ALFRED OLSEN Coastal landscape in Denmark

ALFRED OLSEN (1854-1932)

Coastal landscape in Denmark

Oil on canvas 32.1 x 60.3cm; s. & d. Alfred Olsen 1907

Reproduction Continental late 19th century canted reeded Artist's frame, water gilded

Overall framed size 44.8 x 73.3cm

Click on image to view at larger size

A characteristic but particularly lovely example of Olsen’s coastal paintings, in his preferred extended horizontal format, this panoramic sweep of dunes around an estuary or inland pool radiates a profound tranquillity.
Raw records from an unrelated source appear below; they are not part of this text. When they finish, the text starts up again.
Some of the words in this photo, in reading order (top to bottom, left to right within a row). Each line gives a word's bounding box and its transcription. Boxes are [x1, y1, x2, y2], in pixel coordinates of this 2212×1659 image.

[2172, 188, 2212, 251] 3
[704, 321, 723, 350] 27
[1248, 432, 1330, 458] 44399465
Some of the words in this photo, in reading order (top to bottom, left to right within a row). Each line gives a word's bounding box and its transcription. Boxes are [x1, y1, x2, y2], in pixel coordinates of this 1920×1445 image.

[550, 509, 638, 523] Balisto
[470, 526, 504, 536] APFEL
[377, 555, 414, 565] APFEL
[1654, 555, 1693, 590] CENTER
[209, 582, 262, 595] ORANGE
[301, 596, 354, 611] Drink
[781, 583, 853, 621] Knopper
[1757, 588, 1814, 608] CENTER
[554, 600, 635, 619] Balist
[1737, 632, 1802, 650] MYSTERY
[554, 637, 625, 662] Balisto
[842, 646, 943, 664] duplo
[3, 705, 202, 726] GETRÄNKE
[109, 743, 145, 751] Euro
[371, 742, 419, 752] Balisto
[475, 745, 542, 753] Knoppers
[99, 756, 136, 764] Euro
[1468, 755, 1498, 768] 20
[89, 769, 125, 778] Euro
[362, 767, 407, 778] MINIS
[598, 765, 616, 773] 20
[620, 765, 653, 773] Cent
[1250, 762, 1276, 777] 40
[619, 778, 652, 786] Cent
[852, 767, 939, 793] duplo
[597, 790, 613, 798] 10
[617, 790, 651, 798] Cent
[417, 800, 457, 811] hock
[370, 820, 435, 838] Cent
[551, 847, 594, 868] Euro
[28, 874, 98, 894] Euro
It may have been painted near Skagen, which was noted for its artists’ colony in the late 19th century, as well as for its clusters of low fishermen’s cottages with their disproportionately large roofs – just as Olsen has depicted them in this landscape. Skagen is sited at the end of a peninsular at the northern tip of Denmark, allowing for constantly varying conditions of light, weather and tide, all of which would have appealed to Olsen, with his sensitivity to the effects of climate and time of day. It also boasts a windmill very similar to that shown in his painting. The composition, with its large areas of sky and water, emphasize the clarity of light for which Skagen was famous, and contribute to the serenity of the work. The evidence of human life is diminished in comparison, but fits comfortably into the natural world – cottages, windmill and beached rowing boats indicating a life tied intimately to the elements.

Biographical details

Very little is known about Alfred Olsen, save that he was born in Fejo in Denmark in 1854; that he studied with Jens Jorgen Jensen-Egeberg (1848-1922); and that he made a living as a painter of marines in Copenhagen (Benezit). Jensen-Egeberg taught at the Royal Academy of Art in Copenhagen; he produced landscapes which were the equivalent of Olsen’s seascapes, where the Scandinavian sky, full of light and high cloud, filled the greater part of the painting. Olsen’s work seems only peripherally to admit the existence of the land, but his skies show that he had absorbed much from the teacher who was only six years his elder. The absence of public record of his work and of the artist himself is a testimony, as with so many ‘neglected’ artists, to a great popularity at a domestic level, such that these works tend to stay in the homes which appreciate them and do not often emerge onto the market.